Please transcribe the data below exactly. Leave the pictures out.
[Opening Input material section]
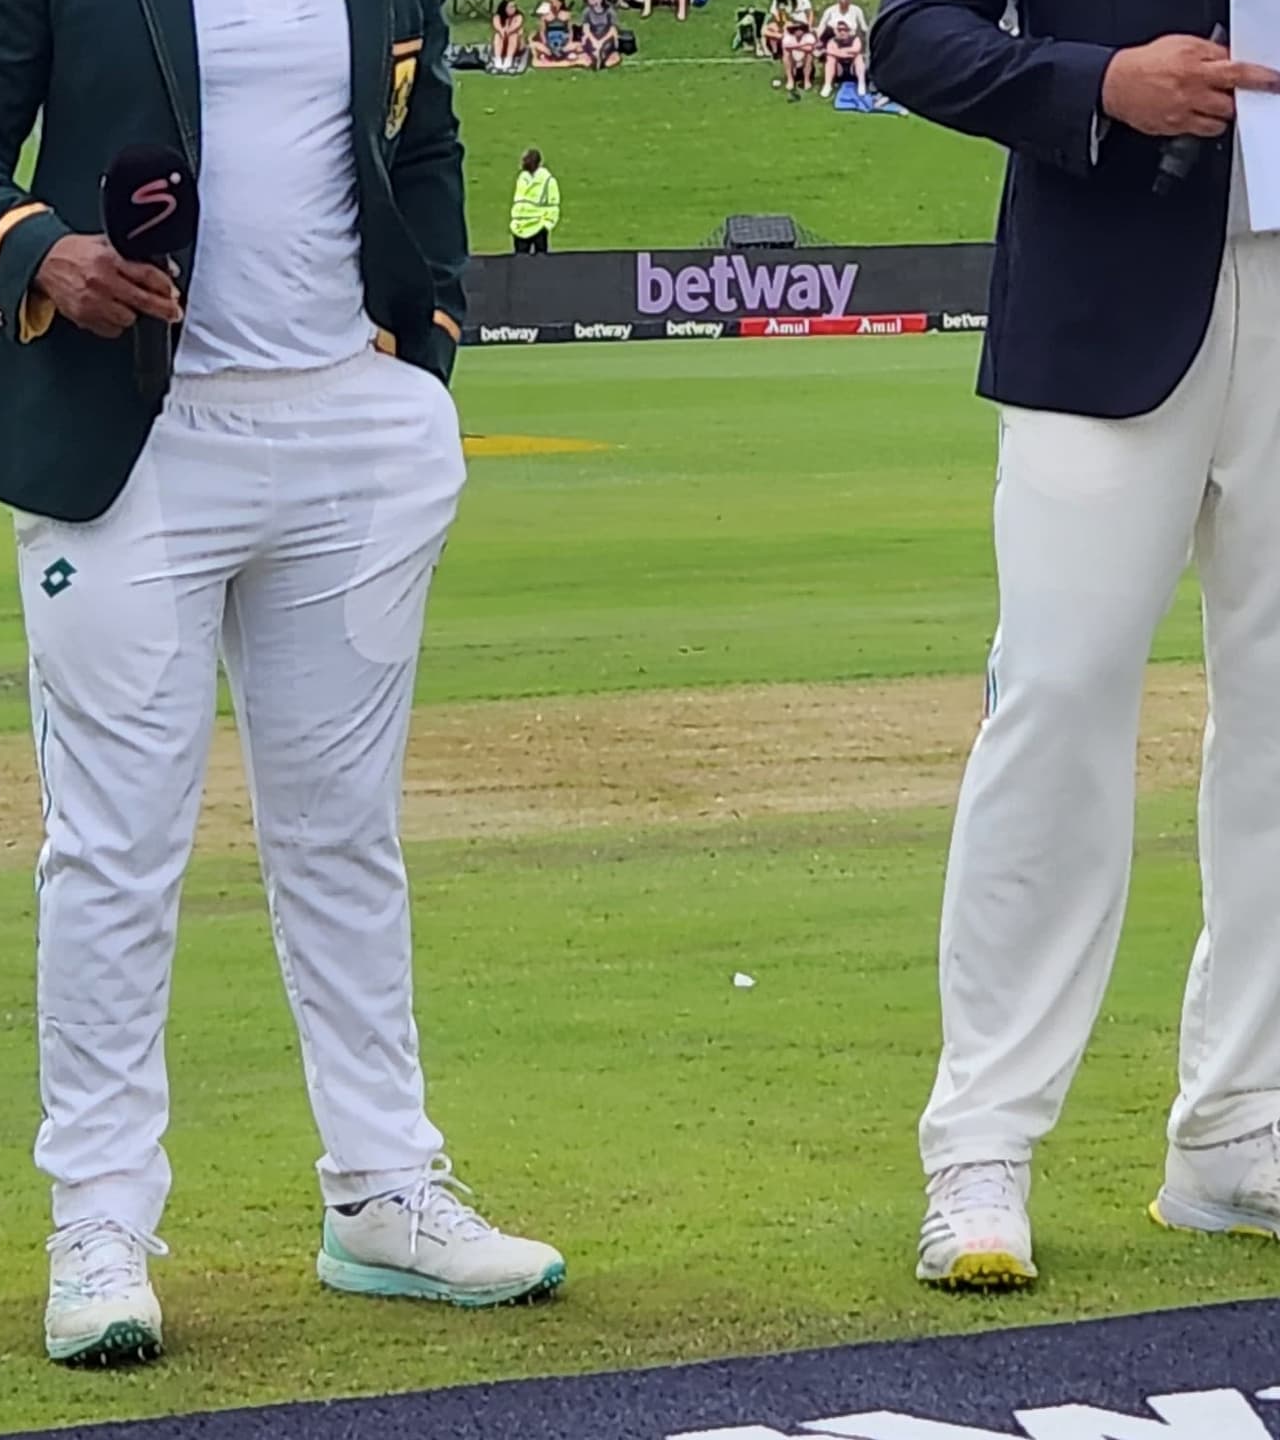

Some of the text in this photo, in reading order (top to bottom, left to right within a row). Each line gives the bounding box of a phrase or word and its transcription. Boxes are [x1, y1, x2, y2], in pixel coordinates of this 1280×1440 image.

[637, 252, 858, 318] betway
[764, 318, 810, 334] Amul
[857, 318, 902, 334] Amul
[943, 312, 988, 329] betwa
[480, 326, 539, 343] betway
[574, 323, 632, 340] betway
[667, 320, 724, 339] betway
[Closing Input material section]
* _Result for this exercise_
Some of the text in this photo, in reading order (top to bottom, left to right within a row). Each line gives the bounding box of a phrase or word and its transcription. Boxes are [x1, y1, x2, y2], in pixel coordinates of this 1280×1440 image.

[637, 252, 858, 318] betway
[764, 318, 810, 334] Amul
[857, 318, 902, 334] Amul
[943, 312, 988, 329] betwa
[480, 326, 539, 343] betway
[574, 323, 632, 340] betway
[667, 320, 724, 339] betway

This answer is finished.